* Instructions to follow *
The records are to be copied word for word, and the pictures dropped.

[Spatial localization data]
▼▼▼

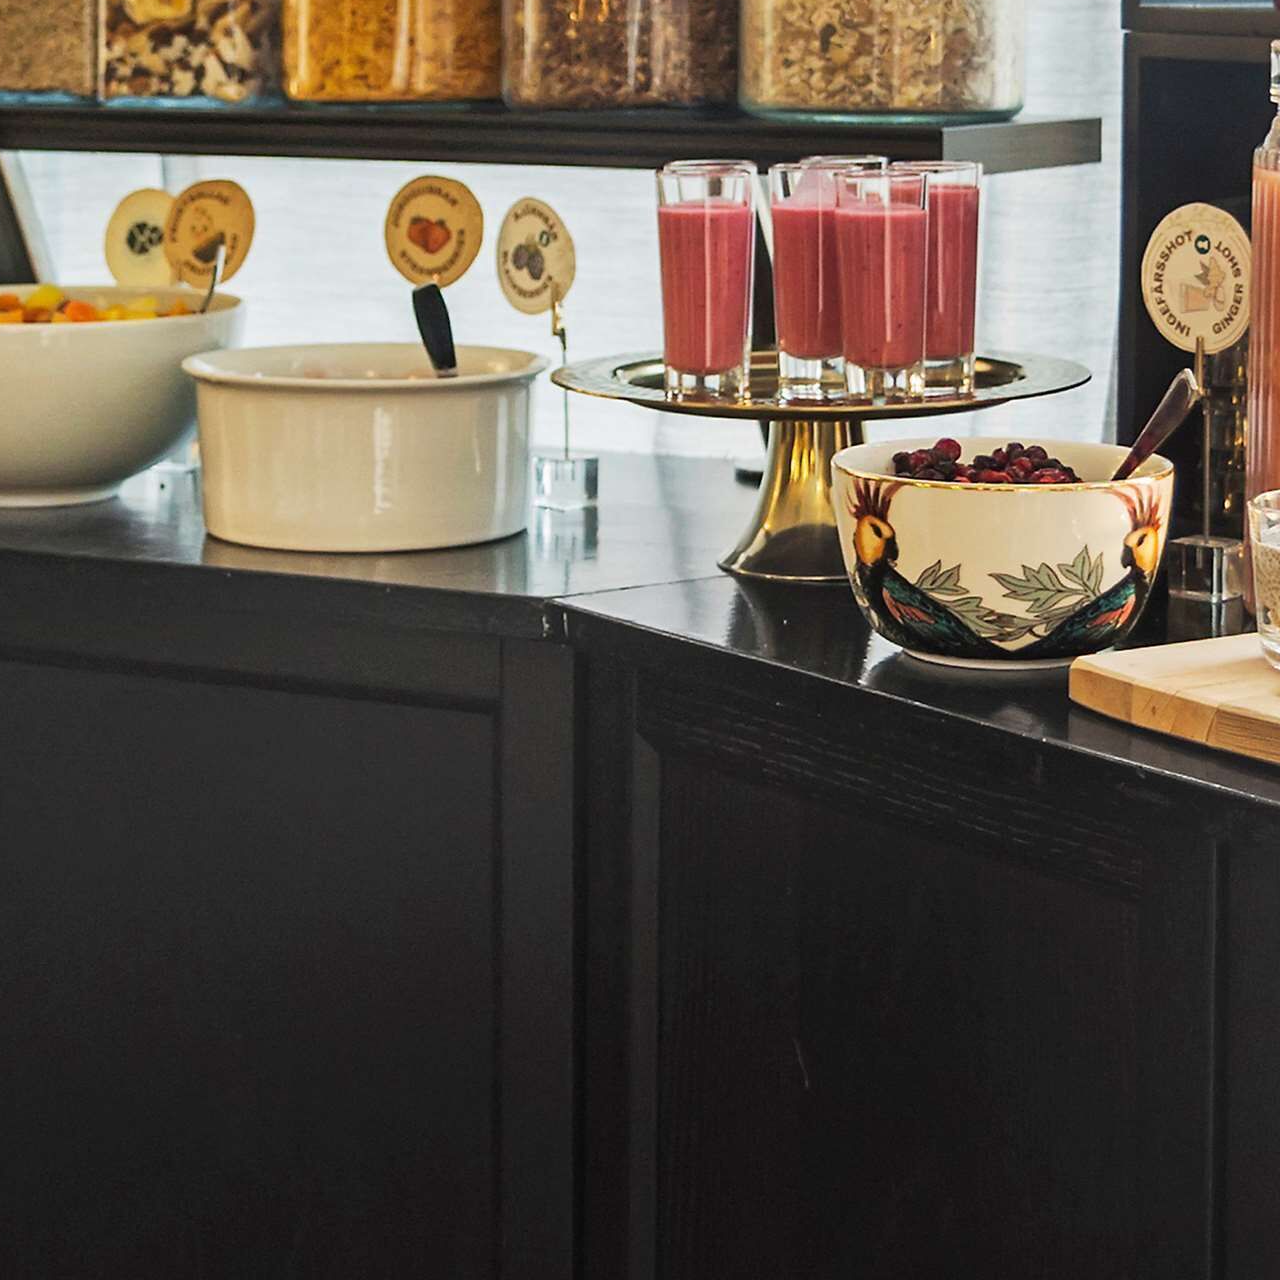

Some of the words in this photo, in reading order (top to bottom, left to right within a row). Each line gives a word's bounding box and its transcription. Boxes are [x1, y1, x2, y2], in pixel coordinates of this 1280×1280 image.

[1151, 230, 1193, 337] INGEFÄRSSHOT
[1214, 241, 1242, 278] SHOT
[1212, 283, 1244, 335] GINGER
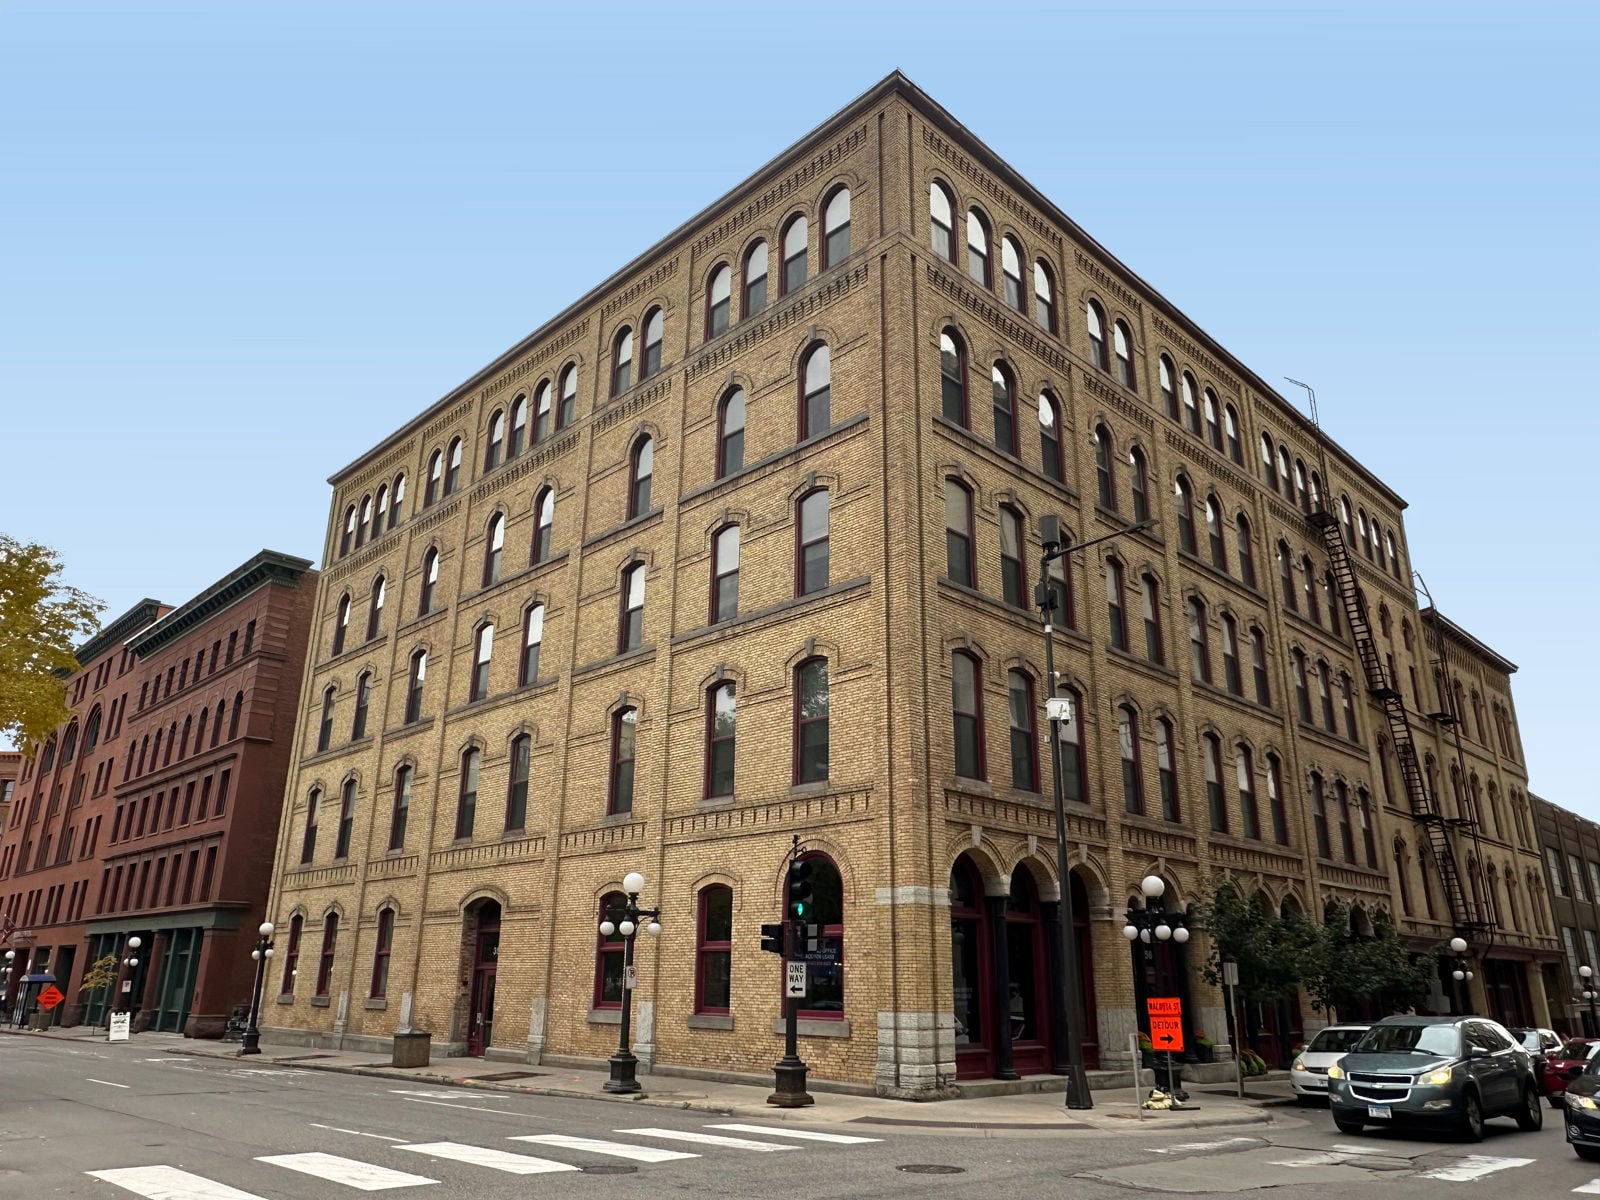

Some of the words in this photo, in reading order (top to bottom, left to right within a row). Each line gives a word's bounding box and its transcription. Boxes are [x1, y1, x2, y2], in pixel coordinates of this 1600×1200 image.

[789, 965, 804, 973] ONE
[789, 975, 804, 983] WAY
[1153, 1021, 1179, 1030] DETOUR
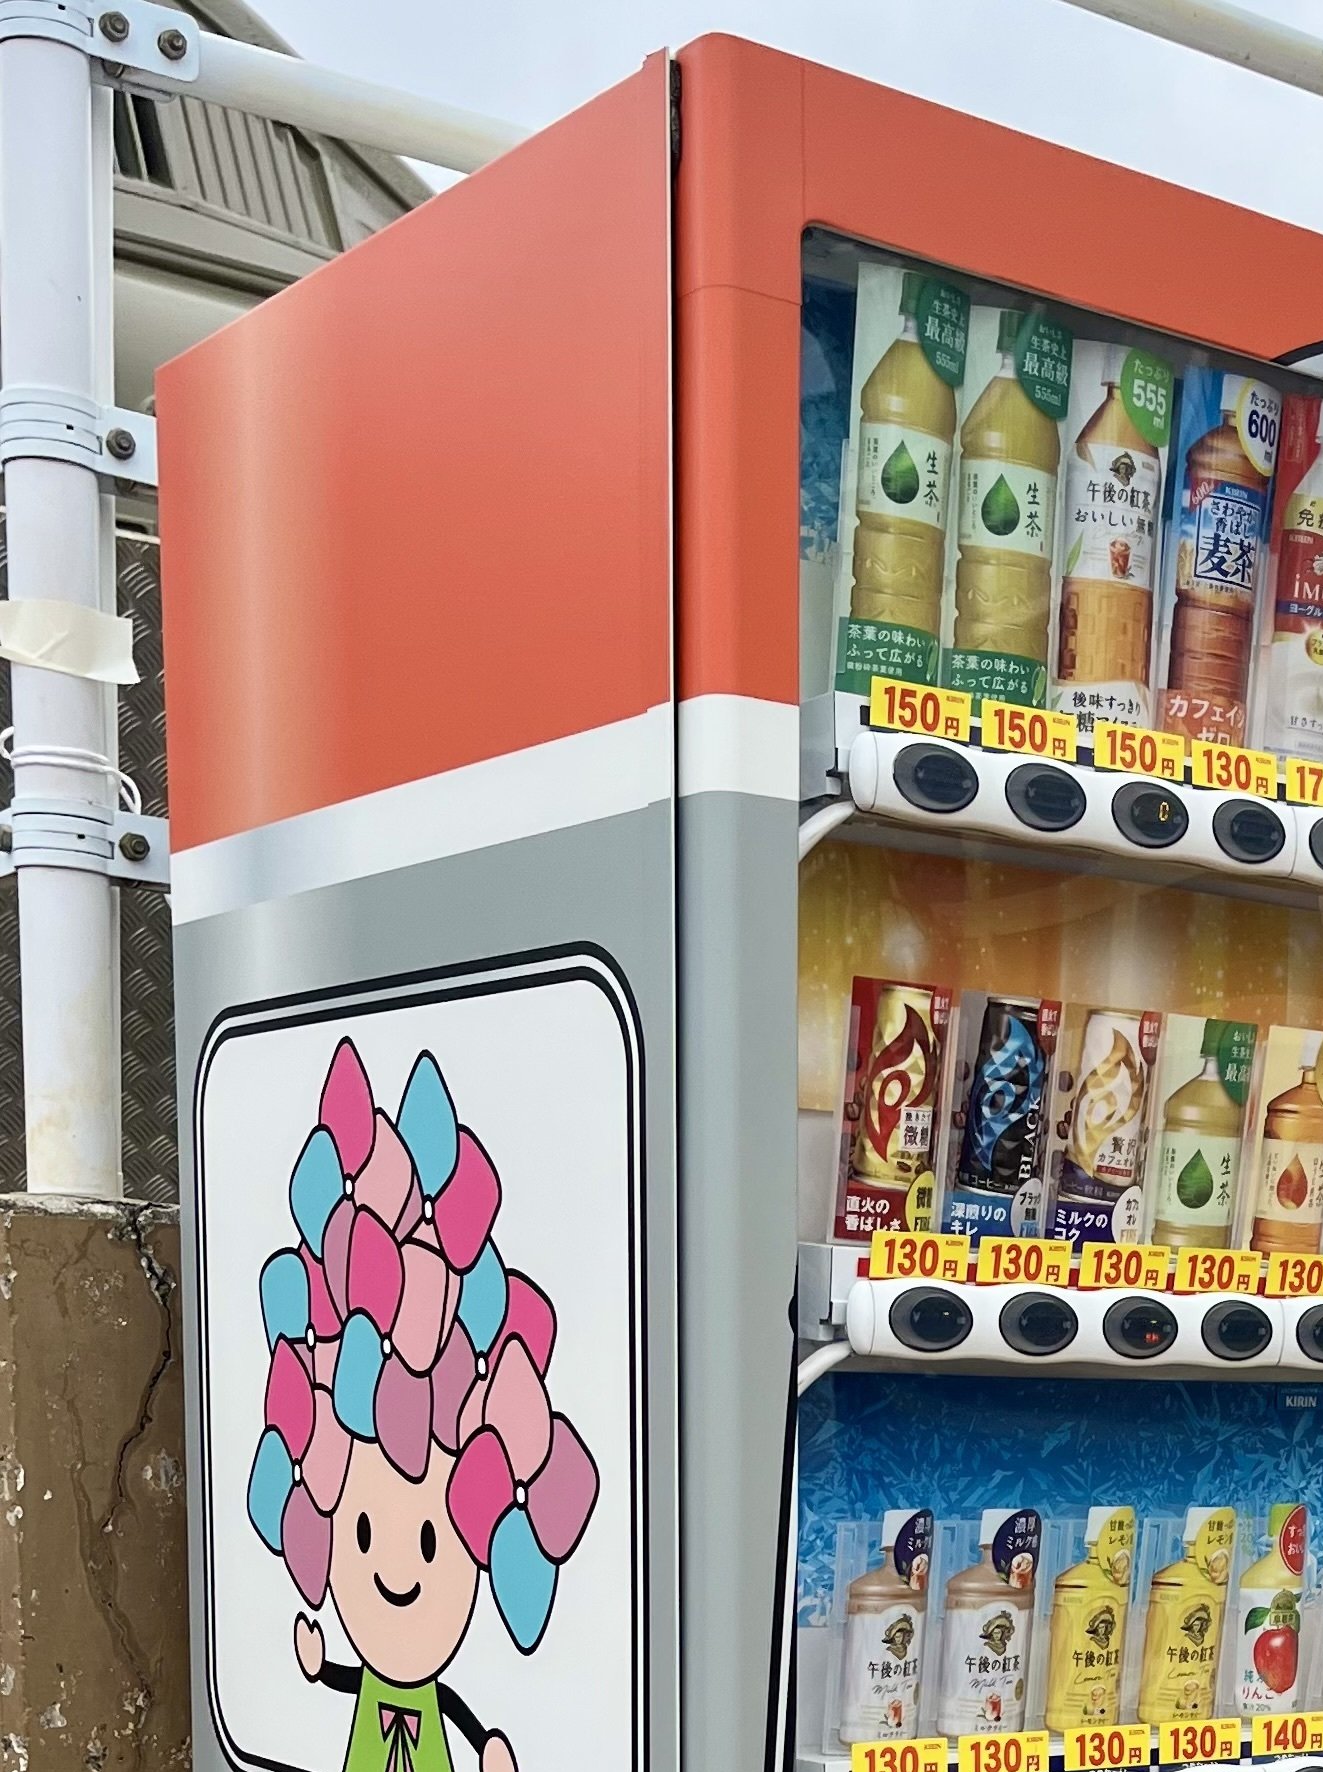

▲▲▲

* Task result *
Some of the words in this photo, in reading order (top to bottom, left to right within a row). Each line gives a word's bounding box and its transcription. Boxes are [x1, y1, x2, y2], in pixel coordinates of this 1280×1280 image.

[1151, 230, 1193, 337] INGEFÄRSSHOT
[1214, 241, 1242, 278] SHOT
[1212, 283, 1244, 335] GINGER

Some of the words in this photo, in reading order (top to bottom, left to right within a row). Each line gives a word's bounding box and its transcription. Boxes are [x1, y1, x2, y2], in pixel coordinates of this 1600×1200 image.

[789, 965, 804, 973] ONE
[789, 975, 804, 983] WAY
[1153, 1021, 1179, 1030] DETOUR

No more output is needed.